Stored data entries:
..............................

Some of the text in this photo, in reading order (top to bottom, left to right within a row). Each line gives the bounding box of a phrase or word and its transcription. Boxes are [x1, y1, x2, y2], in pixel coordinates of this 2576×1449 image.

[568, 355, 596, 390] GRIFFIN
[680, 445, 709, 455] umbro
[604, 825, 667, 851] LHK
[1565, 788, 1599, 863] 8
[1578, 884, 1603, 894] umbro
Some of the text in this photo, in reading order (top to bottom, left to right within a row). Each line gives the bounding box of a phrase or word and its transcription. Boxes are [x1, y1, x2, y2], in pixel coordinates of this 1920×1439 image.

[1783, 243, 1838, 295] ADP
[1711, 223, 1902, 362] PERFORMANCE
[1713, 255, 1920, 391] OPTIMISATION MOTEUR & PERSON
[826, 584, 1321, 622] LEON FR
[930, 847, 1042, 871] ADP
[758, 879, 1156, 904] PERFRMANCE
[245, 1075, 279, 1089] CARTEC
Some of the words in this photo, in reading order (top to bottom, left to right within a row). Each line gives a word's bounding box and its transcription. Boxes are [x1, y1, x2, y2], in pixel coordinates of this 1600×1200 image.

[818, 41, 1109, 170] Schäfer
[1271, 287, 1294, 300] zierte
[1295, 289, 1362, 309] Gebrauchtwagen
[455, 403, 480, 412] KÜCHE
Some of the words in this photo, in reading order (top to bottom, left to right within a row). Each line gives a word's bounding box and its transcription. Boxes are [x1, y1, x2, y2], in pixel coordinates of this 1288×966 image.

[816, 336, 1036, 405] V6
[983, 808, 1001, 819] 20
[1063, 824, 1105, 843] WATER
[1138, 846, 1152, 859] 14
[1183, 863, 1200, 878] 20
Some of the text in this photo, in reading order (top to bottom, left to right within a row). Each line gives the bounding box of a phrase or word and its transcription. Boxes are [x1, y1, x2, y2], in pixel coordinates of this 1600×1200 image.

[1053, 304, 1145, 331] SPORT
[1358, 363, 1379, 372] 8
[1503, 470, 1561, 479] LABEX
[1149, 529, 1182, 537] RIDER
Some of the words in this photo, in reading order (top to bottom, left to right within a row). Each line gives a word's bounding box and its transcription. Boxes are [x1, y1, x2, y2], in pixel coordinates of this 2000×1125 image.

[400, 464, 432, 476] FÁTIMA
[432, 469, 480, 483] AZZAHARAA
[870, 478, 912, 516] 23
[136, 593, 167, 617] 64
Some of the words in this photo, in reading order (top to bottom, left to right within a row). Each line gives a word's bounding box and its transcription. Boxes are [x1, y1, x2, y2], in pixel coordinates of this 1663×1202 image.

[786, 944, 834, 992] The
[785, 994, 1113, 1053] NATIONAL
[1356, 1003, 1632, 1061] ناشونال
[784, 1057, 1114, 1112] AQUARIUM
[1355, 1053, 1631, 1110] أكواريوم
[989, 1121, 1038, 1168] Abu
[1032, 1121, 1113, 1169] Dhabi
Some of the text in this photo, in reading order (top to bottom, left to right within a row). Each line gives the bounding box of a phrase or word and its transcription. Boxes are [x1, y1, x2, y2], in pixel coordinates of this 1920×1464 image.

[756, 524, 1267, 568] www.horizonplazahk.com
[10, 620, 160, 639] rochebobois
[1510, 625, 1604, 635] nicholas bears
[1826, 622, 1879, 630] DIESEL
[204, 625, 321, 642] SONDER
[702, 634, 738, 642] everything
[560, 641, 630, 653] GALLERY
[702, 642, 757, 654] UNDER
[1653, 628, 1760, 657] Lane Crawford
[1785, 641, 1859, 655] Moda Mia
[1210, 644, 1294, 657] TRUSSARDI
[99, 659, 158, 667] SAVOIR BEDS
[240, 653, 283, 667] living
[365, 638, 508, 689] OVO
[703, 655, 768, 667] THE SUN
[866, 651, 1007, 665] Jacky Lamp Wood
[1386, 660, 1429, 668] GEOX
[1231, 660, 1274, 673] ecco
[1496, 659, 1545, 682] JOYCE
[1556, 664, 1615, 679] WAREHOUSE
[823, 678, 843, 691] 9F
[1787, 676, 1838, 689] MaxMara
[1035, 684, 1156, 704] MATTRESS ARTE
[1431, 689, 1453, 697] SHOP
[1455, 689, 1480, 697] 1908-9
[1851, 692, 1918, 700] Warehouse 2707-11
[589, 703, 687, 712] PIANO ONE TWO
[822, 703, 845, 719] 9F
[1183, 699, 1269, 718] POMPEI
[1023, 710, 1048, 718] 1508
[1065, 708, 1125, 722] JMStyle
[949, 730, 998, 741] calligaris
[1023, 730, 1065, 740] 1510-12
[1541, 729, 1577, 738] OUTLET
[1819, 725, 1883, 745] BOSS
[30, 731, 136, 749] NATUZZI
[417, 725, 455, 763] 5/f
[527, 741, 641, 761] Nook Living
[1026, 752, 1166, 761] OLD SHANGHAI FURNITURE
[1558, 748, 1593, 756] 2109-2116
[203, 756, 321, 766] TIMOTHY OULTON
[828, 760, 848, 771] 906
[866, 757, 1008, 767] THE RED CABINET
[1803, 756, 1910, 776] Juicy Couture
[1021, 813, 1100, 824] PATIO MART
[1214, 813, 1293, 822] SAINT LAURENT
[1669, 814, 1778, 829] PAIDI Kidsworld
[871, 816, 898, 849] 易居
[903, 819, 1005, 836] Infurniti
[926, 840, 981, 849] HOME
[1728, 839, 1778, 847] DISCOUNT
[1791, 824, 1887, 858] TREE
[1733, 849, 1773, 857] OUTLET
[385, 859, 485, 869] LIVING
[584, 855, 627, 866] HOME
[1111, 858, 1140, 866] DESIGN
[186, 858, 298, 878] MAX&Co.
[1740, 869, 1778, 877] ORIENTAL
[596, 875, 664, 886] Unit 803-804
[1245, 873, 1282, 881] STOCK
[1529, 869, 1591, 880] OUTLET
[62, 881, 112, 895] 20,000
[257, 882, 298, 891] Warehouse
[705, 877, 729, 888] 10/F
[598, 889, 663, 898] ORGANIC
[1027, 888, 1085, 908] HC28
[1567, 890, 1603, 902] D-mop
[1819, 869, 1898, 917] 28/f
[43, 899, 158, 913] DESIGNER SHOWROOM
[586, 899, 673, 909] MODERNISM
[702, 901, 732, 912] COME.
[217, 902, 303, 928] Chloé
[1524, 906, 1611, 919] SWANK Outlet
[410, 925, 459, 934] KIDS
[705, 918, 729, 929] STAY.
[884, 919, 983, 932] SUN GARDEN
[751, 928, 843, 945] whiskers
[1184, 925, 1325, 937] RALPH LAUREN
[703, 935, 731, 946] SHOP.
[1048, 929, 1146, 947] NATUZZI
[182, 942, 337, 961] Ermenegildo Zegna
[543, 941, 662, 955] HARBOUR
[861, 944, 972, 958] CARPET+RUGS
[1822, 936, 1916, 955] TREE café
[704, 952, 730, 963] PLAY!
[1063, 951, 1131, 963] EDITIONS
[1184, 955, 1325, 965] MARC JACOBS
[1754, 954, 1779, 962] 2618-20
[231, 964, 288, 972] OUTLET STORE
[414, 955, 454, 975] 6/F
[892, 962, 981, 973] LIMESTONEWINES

..............................

WHAT YOU ARE ASKED TO DO:
Reproduce the records above in full and with exact wording.

RESPONSE BOX:
Some of the text in this photo, in reading order (top to bottom, left to right within a row). Each line gives the bounding box of a phrase or word and its transcription. Boxes are [x1, y1, x2, y2], in pixel coordinates of this 2576×1449 image.

[568, 355, 596, 390] GRIFFIN
[680, 445, 709, 455] umbro
[604, 825, 667, 851] LHK
[1565, 788, 1599, 863] 8
[1578, 884, 1603, 894] umbro
Some of the text in this photo, in reading order (top to bottom, left to right within a row). Each line gives the bounding box of a phrase or word and its transcription. Boxes are [x1, y1, x2, y2], in pixel coordinates of this 1920×1439 image.

[1783, 243, 1838, 295] ADP
[1711, 223, 1902, 362] PERFORMANCE
[1713, 255, 1920, 391] OPTIMISATION MOTEUR & PERSON
[826, 584, 1321, 622] LEON FR
[930, 847, 1042, 871] ADP
[758, 879, 1156, 904] PERFRMANCE
[245, 1075, 279, 1089] CARTEC
Some of the words in this photo, in reading order (top to bottom, left to right within a row). Each line gives a word's bounding box and its transcription. Boxes are [x1, y1, x2, y2], in pixel coordinates of this 1600×1200 image.

[818, 41, 1109, 170] Schäfer
[1271, 287, 1294, 300] zierte
[1295, 289, 1362, 309] Gebrauchtwagen
[455, 403, 480, 412] KÜCHE
Some of the words in this photo, in reading order (top to bottom, left to right within a row). Each line gives a word's bounding box and its transcription. Boxes are [x1, y1, x2, y2], in pixel coordinates of this 1288×966 image.

[816, 336, 1036, 405] V6
[983, 808, 1001, 819] 20
[1063, 824, 1105, 843] WATER
[1138, 846, 1152, 859] 14
[1183, 863, 1200, 878] 20
Some of the text in this photo, in reading order (top to bottom, left to right within a row). Each line gives the bounding box of a phrase or word and its transcription. Boxes are [x1, y1, x2, y2], in pixel coordinates of this 1600×1200 image.

[1053, 304, 1145, 331] SPORT
[1358, 363, 1379, 372] 8
[1503, 470, 1561, 479] LABEX
[1149, 529, 1182, 537] RIDER
Some of the words in this photo, in reading order (top to bottom, left to right within a row). Each line gives a word's bounding box and its transcription. Boxes are [x1, y1, x2, y2], in pixel coordinates of this 2000×1125 image.

[400, 464, 432, 476] FÁTIMA
[432, 469, 480, 483] AZZAHARAA
[870, 478, 912, 516] 23
[136, 593, 167, 617] 64
Some of the words in this photo, in reading order (top to bottom, left to right within a row). Each line gives a word's bounding box and its transcription. Boxes are [x1, y1, x2, y2], in pixel coordinates of this 1663×1202 image.

[786, 944, 834, 992] The
[785, 994, 1113, 1053] NATIONAL
[1356, 1003, 1632, 1061] ناشونال
[784, 1057, 1114, 1112] AQUARIUM
[1355, 1053, 1631, 1110] أكواريوم
[989, 1121, 1038, 1168] Abu
[1032, 1121, 1113, 1169] Dhabi
Some of the text in this photo, in reading order (top to bottom, left to right within a row). Each line gives the bounding box of a phrase or word and its transcription. Boxes are [x1, y1, x2, y2], in pixel coordinates of this 1920×1464 image.

[756, 524, 1267, 568] www.horizonplazahk.com
[10, 620, 160, 639] rochebobois
[1510, 625, 1604, 635] nicholas bears
[1826, 622, 1879, 630] DIESEL
[204, 625, 321, 642] SONDER
[702, 634, 738, 642] everything
[560, 641, 630, 653] GALLERY
[702, 642, 757, 654] UNDER
[1653, 628, 1760, 657] Lane Crawford
[1785, 641, 1859, 655] Moda Mia
[1210, 644, 1294, 657] TRUSSARDI
[99, 659, 158, 667] SAVOIR BEDS
[240, 653, 283, 667] living
[365, 638, 508, 689] OVO
[703, 655, 768, 667] THE SUN
[866, 651, 1007, 665] Jacky Lamp Wood
[1386, 660, 1429, 668] GEOX
[1231, 660, 1274, 673] ecco
[1496, 659, 1545, 682] JOYCE
[1556, 664, 1615, 679] WAREHOUSE
[823, 678, 843, 691] 9F
[1787, 676, 1838, 689] MaxMara
[1035, 684, 1156, 704] MATTRESS ARTE
[1431, 689, 1453, 697] SHOP
[1455, 689, 1480, 697] 1908-9
[1851, 692, 1918, 700] Warehouse 2707-11
[589, 703, 687, 712] PIANO ONE TWO
[822, 703, 845, 719] 9F
[1183, 699, 1269, 718] POMPEI
[1023, 710, 1048, 718] 1508
[1065, 708, 1125, 722] JMStyle
[949, 730, 998, 741] calligaris
[1023, 730, 1065, 740] 1510-12
[1541, 729, 1577, 738] OUTLET
[1819, 725, 1883, 745] BOSS
[30, 731, 136, 749] NATUZZI
[417, 725, 455, 763] 5/f
[527, 741, 641, 761] Nook Living
[1026, 752, 1166, 761] OLD SHANGHAI FURNITURE
[1558, 748, 1593, 756] 2109-2116
[203, 756, 321, 766] TIMOTHY OULTON
[828, 760, 848, 771] 906
[866, 757, 1008, 767] THE RED CABINET
[1803, 756, 1910, 776] Juicy Couture
[1021, 813, 1100, 824] PATIO MART
[1214, 813, 1293, 822] SAINT LAURENT
[1669, 814, 1778, 829] PAIDI Kidsworld
[871, 816, 898, 849] 易居
[903, 819, 1005, 836] Infurniti
[926, 840, 981, 849] HOME
[1728, 839, 1778, 847] DISCOUNT
[1791, 824, 1887, 858] TREE
[1733, 849, 1773, 857] OUTLET
[385, 859, 485, 869] LIVING
[584, 855, 627, 866] HOME
[1111, 858, 1140, 866] DESIGN
[186, 858, 298, 878] MAX&Co.
[1740, 869, 1778, 877] ORIENTAL
[596, 875, 664, 886] Unit 803-804
[1245, 873, 1282, 881] STOCK
[1529, 869, 1591, 880] OUTLET
[62, 881, 112, 895] 20,000
[257, 882, 298, 891] Warehouse
[705, 877, 729, 888] 10/F
[598, 889, 663, 898] ORGANIC
[1027, 888, 1085, 908] HC28
[1567, 890, 1603, 902] D-mop
[1819, 869, 1898, 917] 28/f
[43, 899, 158, 913] DESIGNER SHOWROOM
[586, 899, 673, 909] MODERNISM
[702, 901, 732, 912] COME.
[217, 902, 303, 928] Chloé
[1524, 906, 1611, 919] SWANK Outlet
[410, 925, 459, 934] KIDS
[705, 918, 729, 929] STAY.
[884, 919, 983, 932] SUN GARDEN
[751, 928, 843, 945] whiskers
[1184, 925, 1325, 937] RALPH LAUREN
[703, 935, 731, 946] SHOP.
[1048, 929, 1146, 947] NATUZZI
[182, 942, 337, 961] Ermenegildo Zegna
[543, 941, 662, 955] HARBOUR
[861, 944, 972, 958] CARPET+RUGS
[1822, 936, 1916, 955] TREE café
[704, 952, 730, 963] PLAY!
[1063, 951, 1131, 963] EDITIONS
[1184, 955, 1325, 965] MARC JACOBS
[1754, 954, 1779, 962] 2618-20
[231, 964, 288, 972] OUTLET STORE
[414, 955, 454, 975] 6/F
[892, 962, 981, 973] LIMESTONEWINES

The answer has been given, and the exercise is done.